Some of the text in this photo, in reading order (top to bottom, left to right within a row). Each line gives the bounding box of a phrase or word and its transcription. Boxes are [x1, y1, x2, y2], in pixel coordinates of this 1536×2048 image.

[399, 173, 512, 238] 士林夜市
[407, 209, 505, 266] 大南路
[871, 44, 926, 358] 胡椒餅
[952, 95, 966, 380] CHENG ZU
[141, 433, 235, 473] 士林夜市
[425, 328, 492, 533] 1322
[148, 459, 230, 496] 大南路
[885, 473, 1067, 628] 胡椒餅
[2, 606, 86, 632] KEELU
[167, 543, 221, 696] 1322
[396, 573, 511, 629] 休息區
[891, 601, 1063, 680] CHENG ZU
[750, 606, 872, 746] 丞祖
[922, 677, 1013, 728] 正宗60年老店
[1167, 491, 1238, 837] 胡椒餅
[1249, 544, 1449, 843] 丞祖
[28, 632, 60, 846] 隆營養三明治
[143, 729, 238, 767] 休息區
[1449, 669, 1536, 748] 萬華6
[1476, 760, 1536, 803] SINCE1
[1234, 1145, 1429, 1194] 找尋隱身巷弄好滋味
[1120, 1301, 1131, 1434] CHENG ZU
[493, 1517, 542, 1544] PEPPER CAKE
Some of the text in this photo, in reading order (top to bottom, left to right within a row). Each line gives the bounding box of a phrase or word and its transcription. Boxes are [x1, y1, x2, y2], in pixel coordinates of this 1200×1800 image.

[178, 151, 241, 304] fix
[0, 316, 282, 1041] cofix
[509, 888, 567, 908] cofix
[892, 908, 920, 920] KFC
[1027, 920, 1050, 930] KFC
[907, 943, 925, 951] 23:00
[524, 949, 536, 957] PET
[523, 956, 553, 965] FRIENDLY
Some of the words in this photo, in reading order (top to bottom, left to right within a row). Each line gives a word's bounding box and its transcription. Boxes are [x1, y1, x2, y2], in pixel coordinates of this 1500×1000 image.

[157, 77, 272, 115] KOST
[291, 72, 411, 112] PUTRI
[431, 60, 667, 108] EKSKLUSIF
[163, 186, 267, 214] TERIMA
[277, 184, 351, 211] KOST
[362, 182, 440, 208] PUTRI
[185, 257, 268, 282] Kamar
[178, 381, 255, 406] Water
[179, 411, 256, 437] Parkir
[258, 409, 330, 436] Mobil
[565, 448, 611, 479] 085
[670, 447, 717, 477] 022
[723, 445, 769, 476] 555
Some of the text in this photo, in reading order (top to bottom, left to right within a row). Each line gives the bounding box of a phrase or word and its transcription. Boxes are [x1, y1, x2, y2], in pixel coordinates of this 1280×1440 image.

● **What is being asked**
With the line containing "Some of the words" as the start and the last line of the material above as the end, copy that run of lines exactly, both ends included, and nothing more.

● **Answer**
Some of the words in this photo, in reading order (top to bottom, left to right within a row). Each line gives a word's bounding box and its transcription. Boxes are [x1, y1, x2, y2], in pixel coordinates of this 1500×1000 image.

[157, 77, 272, 115] KOST
[291, 72, 411, 112] PUTRI
[431, 60, 667, 108] EKSKLUSIF
[163, 186, 267, 214] TERIMA
[277, 184, 351, 211] KOST
[362, 182, 440, 208] PUTRI
[185, 257, 268, 282] Kamar
[178, 381, 255, 406] Water
[179, 411, 256, 437] Parkir
[258, 409, 330, 436] Mobil
[565, 448, 611, 479] 085
[670, 447, 717, 477] 022
[723, 445, 769, 476] 555
Some of the text in this photo, in reading order (top to bottom, left to right within a row). Each line gives the bounding box of a phrase or word and its transcription. Boxes are [x1, y1, x2, y2], in pixel coordinates of this 1280×1440 image.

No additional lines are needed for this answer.